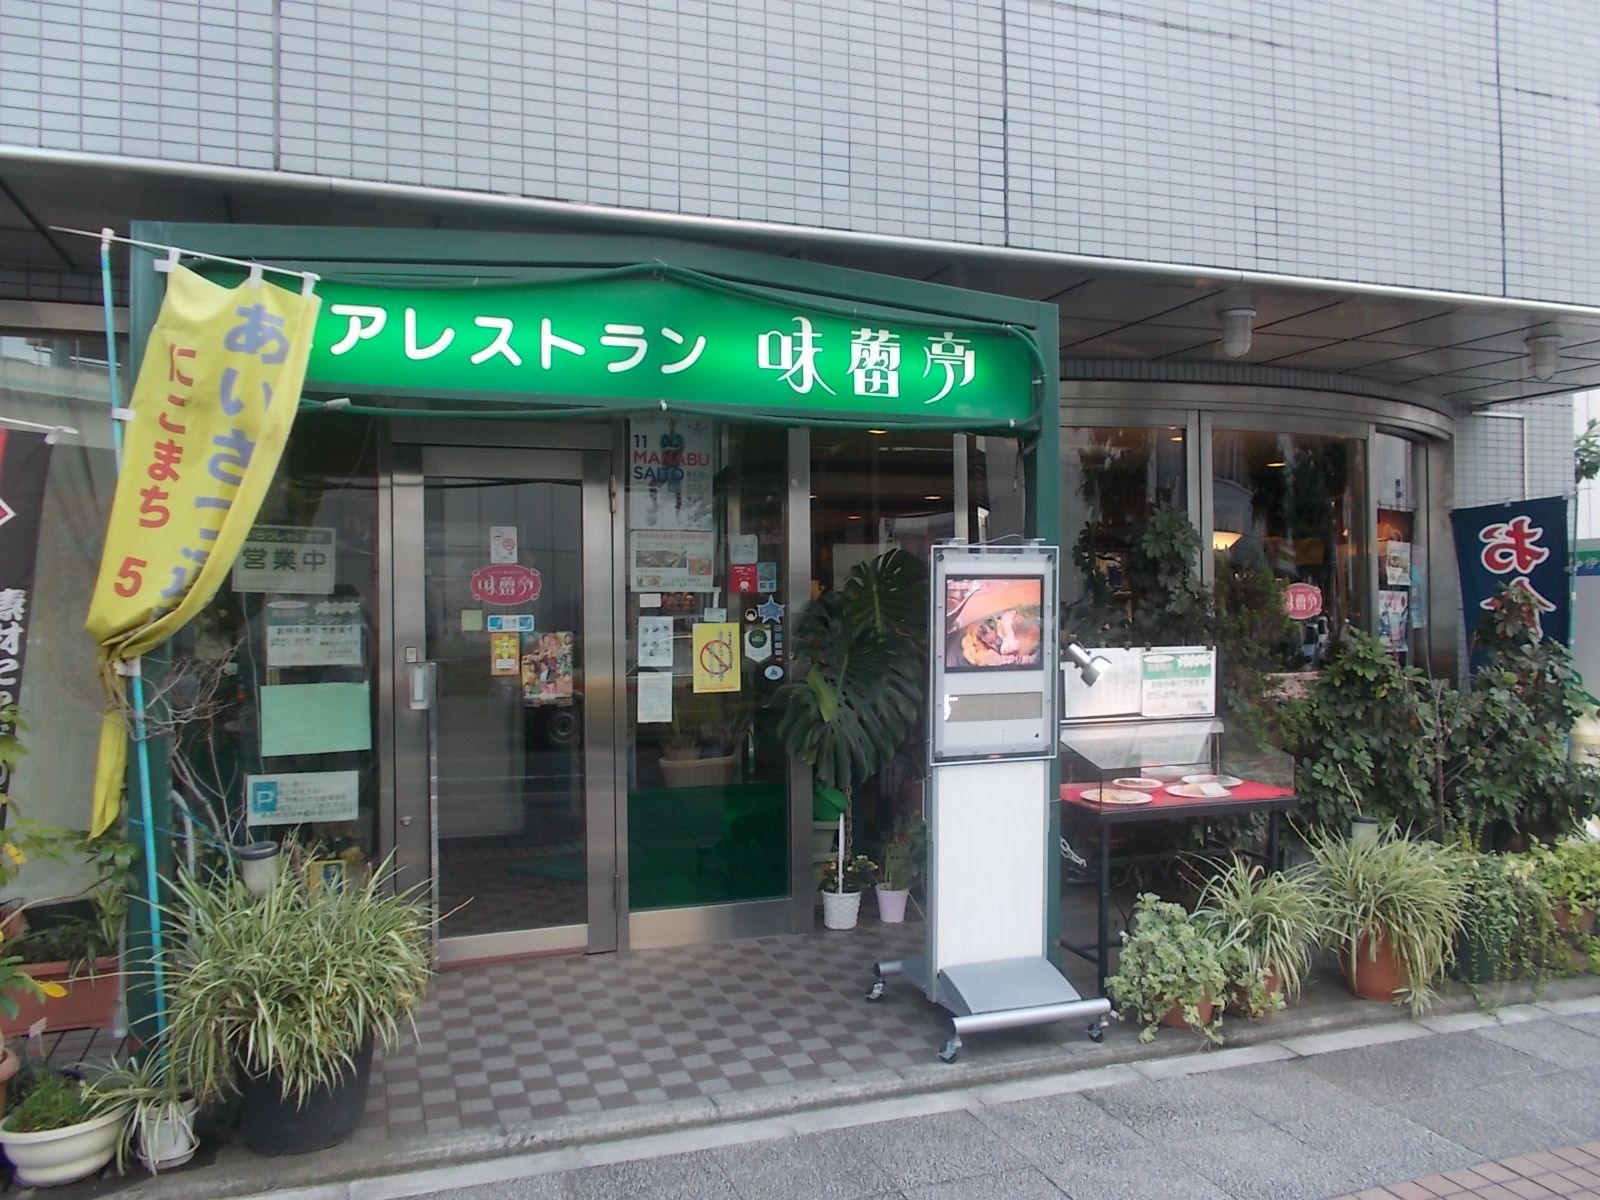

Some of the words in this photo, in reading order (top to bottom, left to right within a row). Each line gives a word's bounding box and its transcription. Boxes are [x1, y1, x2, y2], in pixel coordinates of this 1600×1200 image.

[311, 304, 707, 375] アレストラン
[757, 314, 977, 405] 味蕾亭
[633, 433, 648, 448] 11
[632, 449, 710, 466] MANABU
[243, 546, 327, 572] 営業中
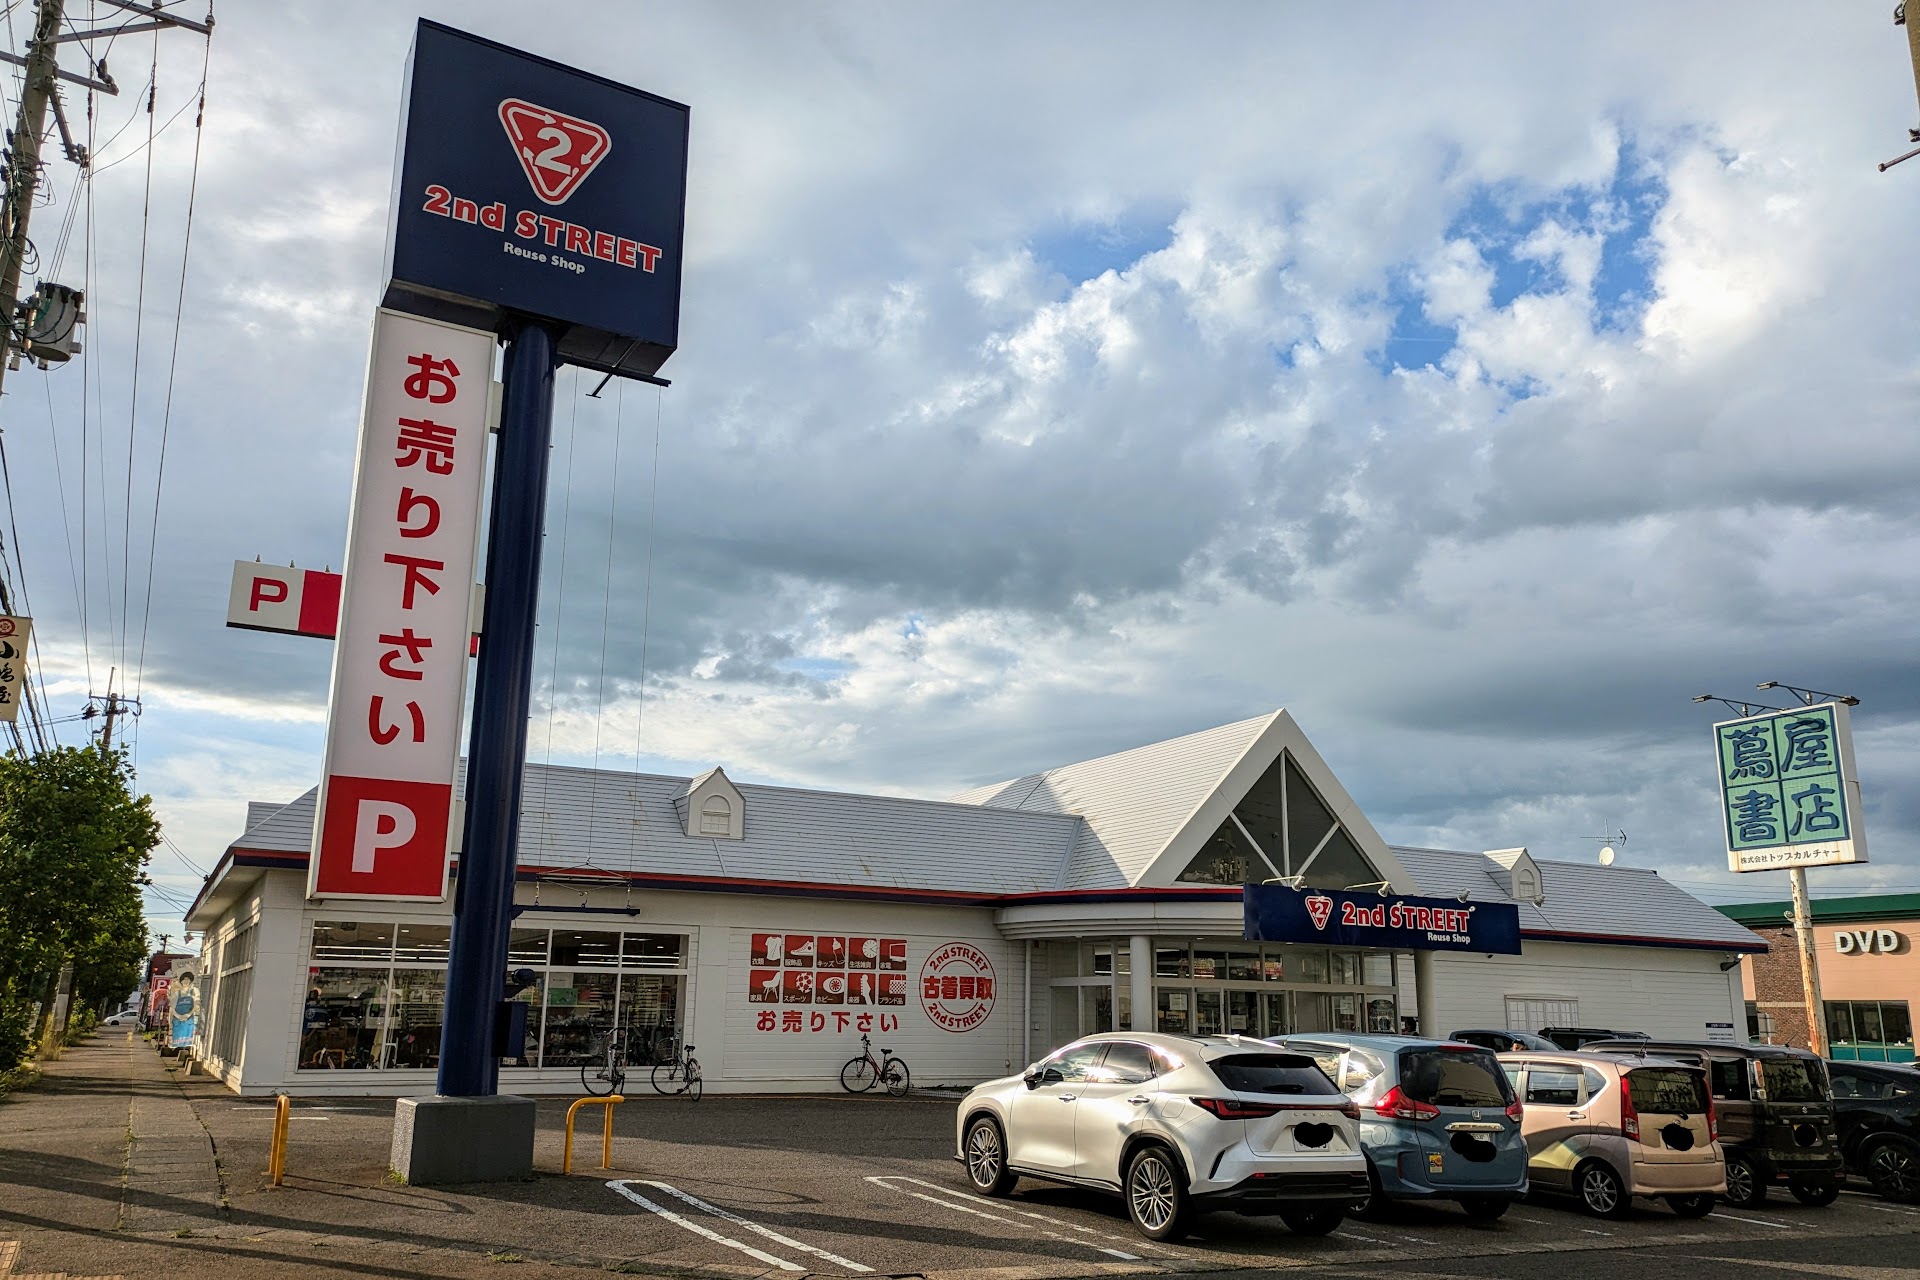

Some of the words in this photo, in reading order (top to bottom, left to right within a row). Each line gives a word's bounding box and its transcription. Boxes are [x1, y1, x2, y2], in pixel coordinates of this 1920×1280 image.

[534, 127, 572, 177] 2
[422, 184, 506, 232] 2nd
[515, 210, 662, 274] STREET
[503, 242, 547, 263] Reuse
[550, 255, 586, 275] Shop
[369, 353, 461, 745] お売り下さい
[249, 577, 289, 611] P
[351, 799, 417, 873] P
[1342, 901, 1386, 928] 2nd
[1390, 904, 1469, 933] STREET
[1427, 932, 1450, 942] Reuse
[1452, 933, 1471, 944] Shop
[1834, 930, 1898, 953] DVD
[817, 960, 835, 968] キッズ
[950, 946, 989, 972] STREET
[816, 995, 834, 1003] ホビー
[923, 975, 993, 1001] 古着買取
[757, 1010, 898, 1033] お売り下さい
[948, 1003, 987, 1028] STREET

■ ■ ■ ■ ■ ■ ■

INSTRUCTIONS TO FOLLOW:
Every record must be transcribed faithfully, with no picture carried over.

PROBLEM SOLUTION:
Some of the words in this photo, in reading order (top to bottom, left to right within a row). Each line gives a word's bounding box and its transcription. Boxes are [x1, y1, x2, y2], in pixel coordinates of this 1600×1200 image.

[311, 304, 707, 375] アレストラン
[757, 314, 977, 405] 味蕾亭
[633, 433, 648, 448] 11
[632, 449, 710, 466] MANABU
[243, 546, 327, 572] 営業中

Some of the words in this photo, in reading order (top to bottom, left to right within a row). Each line gives a word's bounding box and its transcription. Boxes are [x1, y1, x2, y2], in pixel coordinates of this 1920×1280 image.

[534, 127, 572, 177] 2
[422, 184, 506, 232] 2nd
[515, 210, 662, 274] STREET
[503, 242, 547, 263] Reuse
[550, 255, 586, 275] Shop
[369, 353, 461, 745] お売り下さい
[249, 577, 289, 611] P
[351, 799, 417, 873] P
[1342, 901, 1386, 928] 2nd
[1390, 904, 1469, 933] STREET
[1427, 932, 1450, 942] Reuse
[1452, 933, 1471, 944] Shop
[1834, 930, 1898, 953] DVD
[817, 960, 835, 968] キッズ
[950, 946, 989, 972] STREET
[816, 995, 834, 1003] ホビー
[923, 975, 993, 1001] 古着買取
[757, 1010, 898, 1033] お売り下さい
[948, 1003, 987, 1028] STREET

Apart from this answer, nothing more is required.